Remember Radio Shack? I almost feel bad for that store. Their marketing plans never seem to hit the mark, and it shows. They’re closing more than 1,000 of their 4,000 stores this year, after profits fell nearly 20%. One quarter of the entire chains’ stores – gone.

Over at the mall, Abercrombie and Fitch is shuttering 225 stores, as well as pulling the plug on its entire Aussie-inspired Gilly Hicks chain. When you can’t sell soft-core porn and topless girls in tight jeans to 16-year-olds, you’ve got a problem.

What about book retailers? You’ll remember that Borders shuttered all operations several years ago, and now Barnes and Noble is slowly following in its path. Barnes and Nobles takes up some of the largest spaces at malls across the United States, and they’re closing 218 stores – one-third of their total – in the next year. Their iconic New York flagship is already toast.

JCPenney is closing stores and firing 2,000 employes, while Sears and Kmart plan to padlock the door on 500 of their stores. Toys ‘R’ Us is dumping 100 stores. And New York icon Loehmann’s went out of business entirely.

Supermarkets aren’t in good shape. Alberton’s and Safeway are each expected to cut stores as a private equity fund now owns each of them and can’t tolerate the tiny margins they produce. Sweetbay, a regional grocery chain, will wrap up its 50 store closings later this year, including exiting the Tampa market entirely.

In Chicago, Safeway closed 72 Dominick’s stores in Chicago last year. I spent a few days in Chicago earlier and it was the talk of the town. In Southern California, Ralph’s will close 15 stores with great haste, they recently announced.

Finally, you’d think people in a growing “economy recovery” would at least go out to eat once in awhile. Casual dining dollars got crushed in the recession, but apparently aren’t coming back with said “recovery”.

In fact, Red Lobster’s parent company Darden Restaurants recently had to issue a press release assuring investors the whole chain wasn’t going under.
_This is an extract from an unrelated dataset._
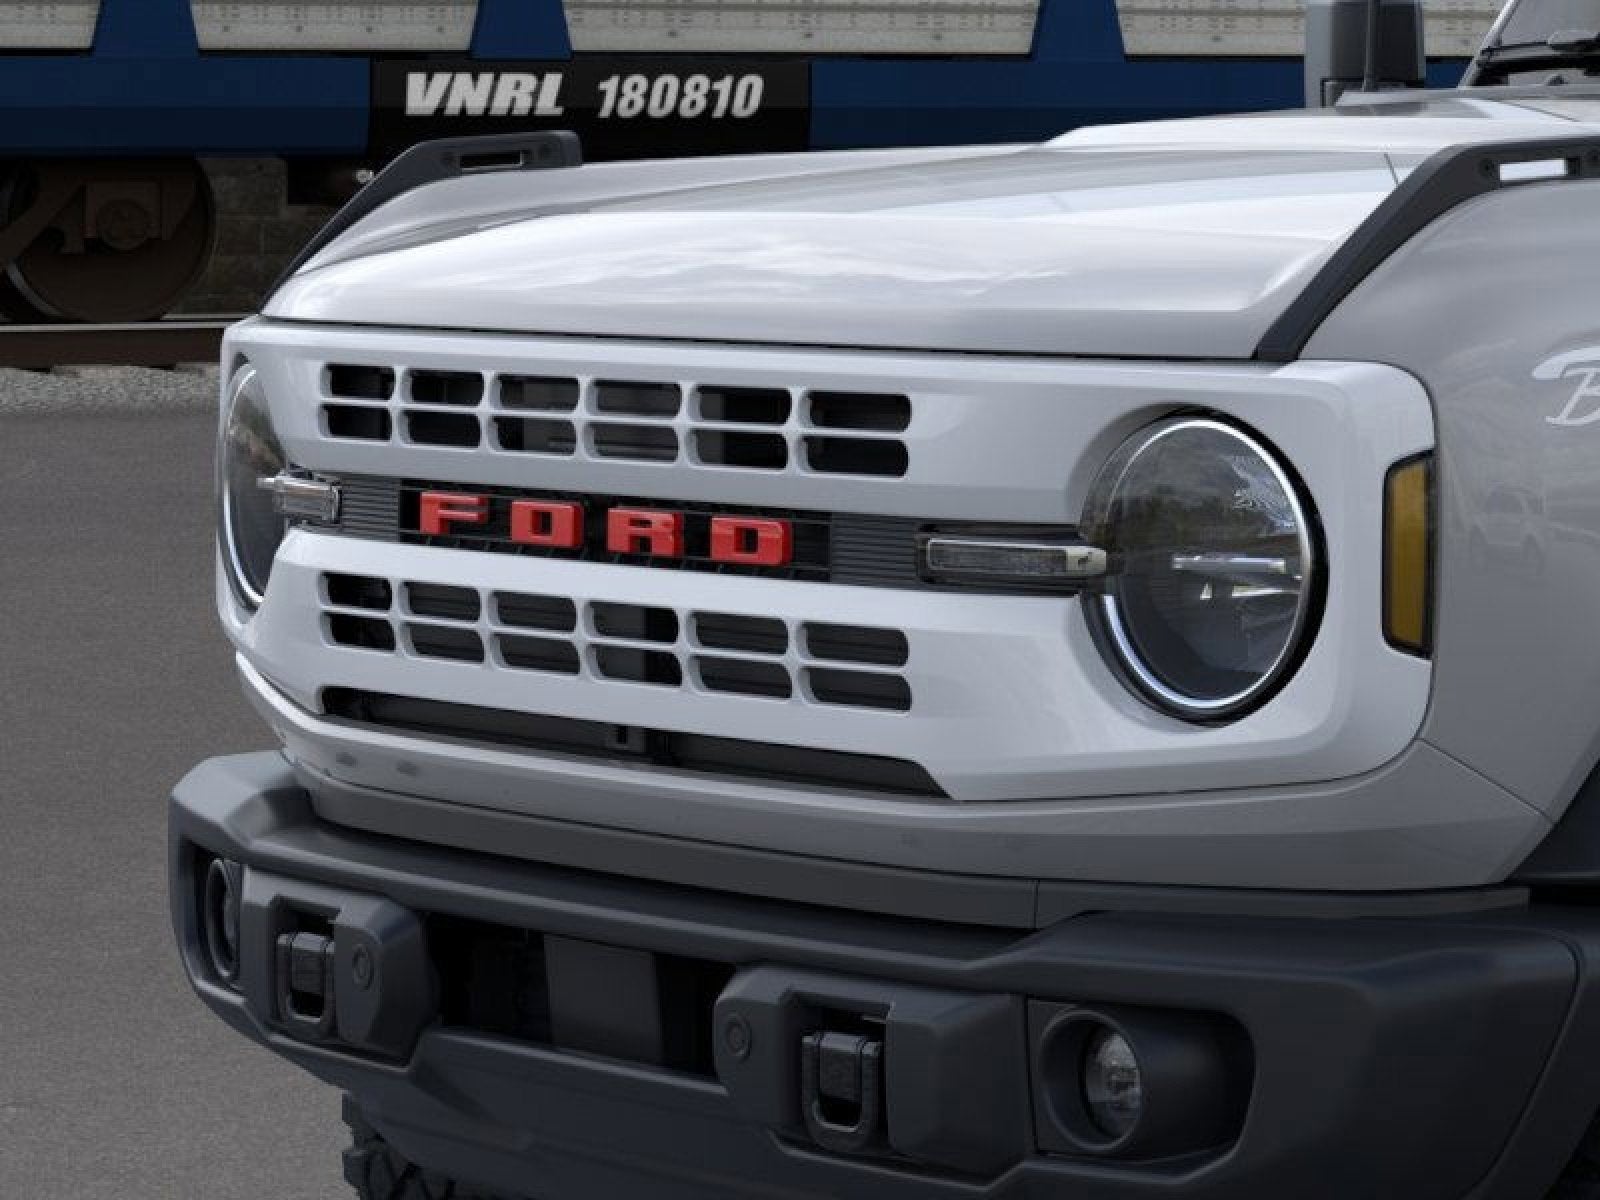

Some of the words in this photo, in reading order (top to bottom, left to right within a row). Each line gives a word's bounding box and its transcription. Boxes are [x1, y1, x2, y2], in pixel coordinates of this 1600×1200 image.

They plan to spin the thing off into its own company so they can pare off stores to a new buyer. If one of the world’s largest restaurant operators can’t help but lose money on a brand everyone knows, the country is in trouble.
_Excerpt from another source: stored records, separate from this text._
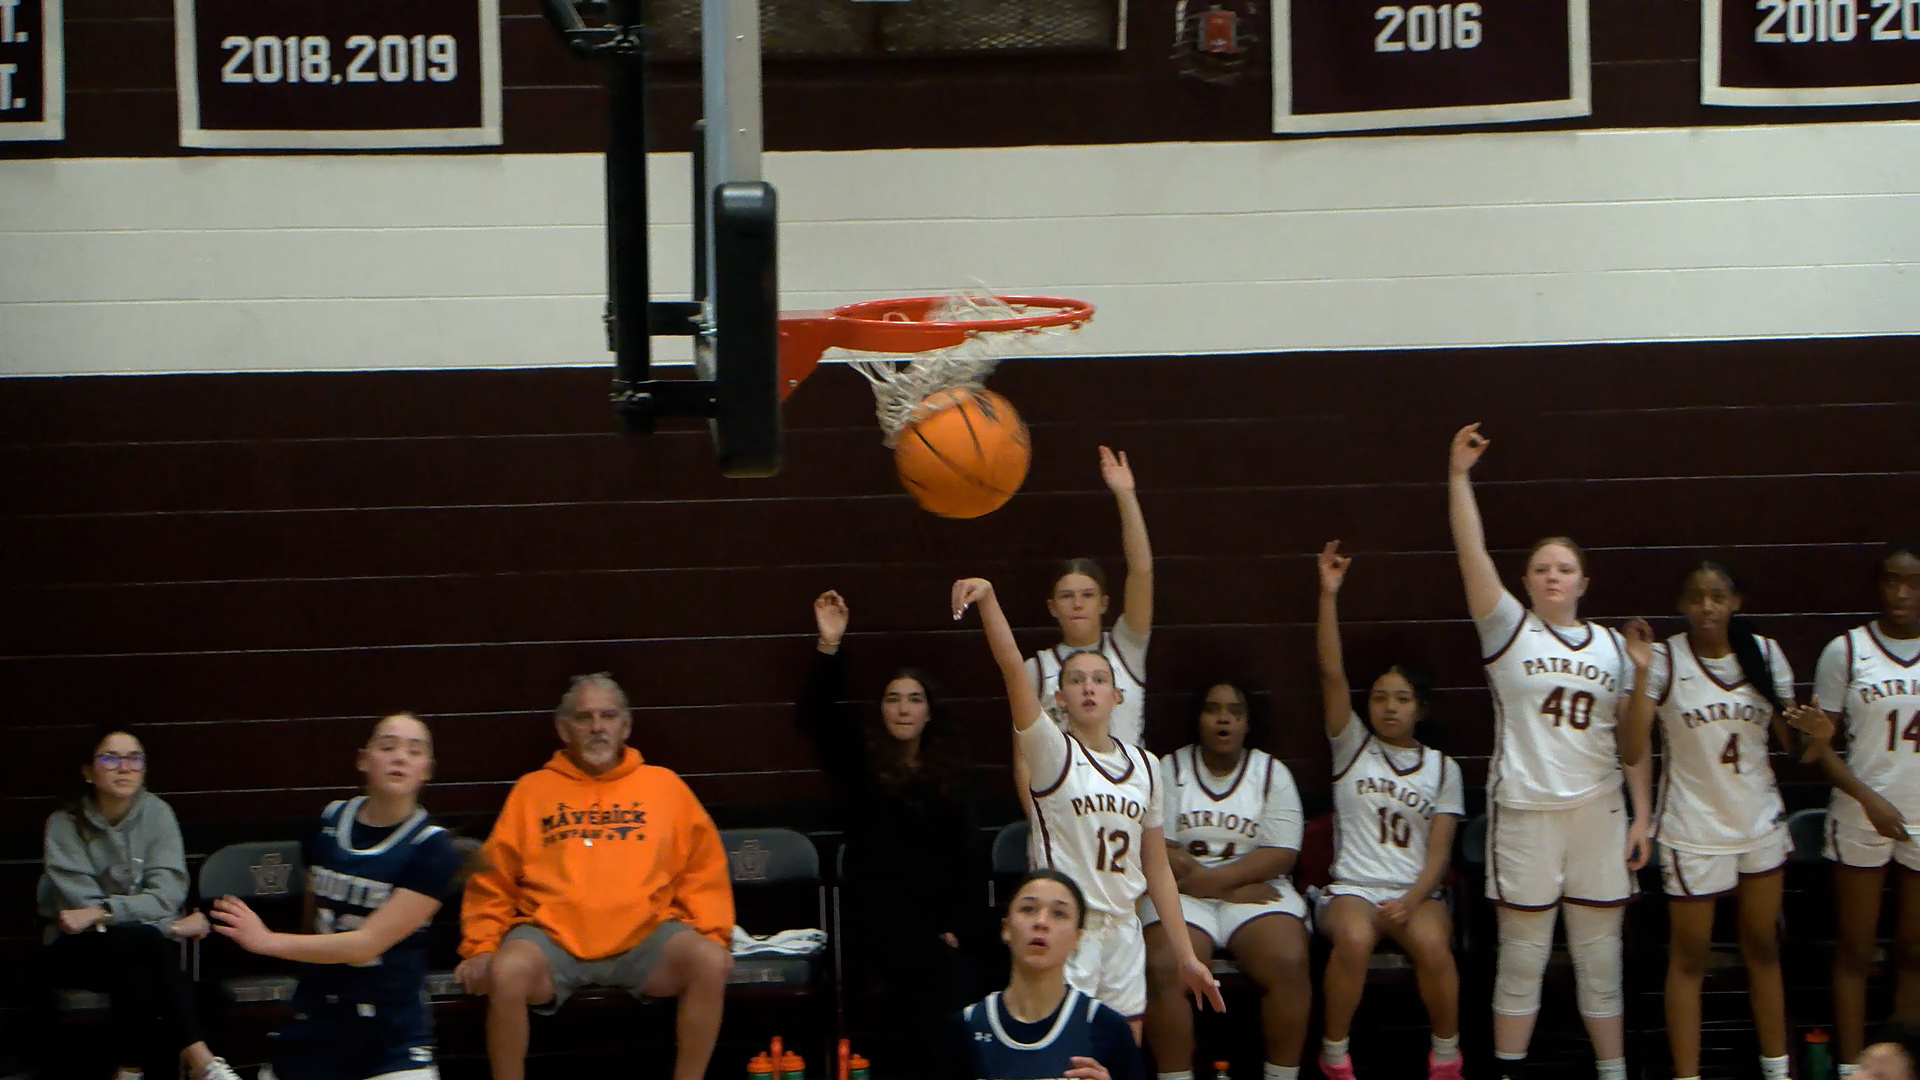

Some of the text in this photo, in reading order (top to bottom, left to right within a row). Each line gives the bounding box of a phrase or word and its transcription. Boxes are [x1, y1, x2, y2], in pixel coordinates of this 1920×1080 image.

[1374, 2, 1482, 52] 2016
[220, 34, 458, 85] 2018,2019
[1522, 656, 1617, 693] PATRIOTS
[1858, 678, 1920, 705] PATRI
[1541, 684, 1595, 731] 40
[1719, 732, 1740, 774] 4
[1886, 708, 1920, 753] 14
[1095, 825, 1131, 874] 12
[1378, 805, 1412, 849] 10
You may also recall that Sbarro and Quizno’s recently filed for bankruptcy. Where I used to live in the United States, all but one Quizno’s store shut down in a matter of about one year. One store remains for a population of almost five million people; that trend will roll out nationwide as many of the chains’ 2,100 stores are likely on the chopping block. Ditto with Sbarro’s, which expects to close a few hundred locations.

That’s thousands of stores in total, a devastating blow to the alleged “economic recovery” underway. Drive by your recent strip mall in almost any city in the United States and see the mass devastation caused by the ongoing recession.

If things were so great, people would be deploying capital and opening new retail outlets… just as they were during the bubble years.

But no matter what Barack Obama wants to tell you, things are not getting better in The Land of the Free.

And the minute the Federal Reserve decides to taper with any level of seriousness, the whole rug will be pulled out from under the stock market, too.

If you’re an investor or have any kind of cash, you need to read the writing on the wall and understand that there is no recovery underway. Your wealth is not safe inside US borders.

If you’re an entrepreneur, your avenues for starting a successful business in the United States look more and more slim. Gone are the days when anyone could open a yoga studio and see people file in. If venerable brands like Sears can’t make it work with all of their systems in place, just how will you – no matter how talented you are?

Most importantly, get ready for the wealth redistributionists to come out swinging against capitalism as the cause of all of the latest problems. They will be sure to blame greedy capitalist pigs for not paying workers enough and not hiring more workers. Then they’ll try and get Big Government to pass higher minimum wage laws and other restrictive regulations that make doing business in the United States even more impossible.

Deep down, even the government lap dogs know there is no economic recovery, and they’ll be more than happy to blame you, and take YOUR money to “fix” things.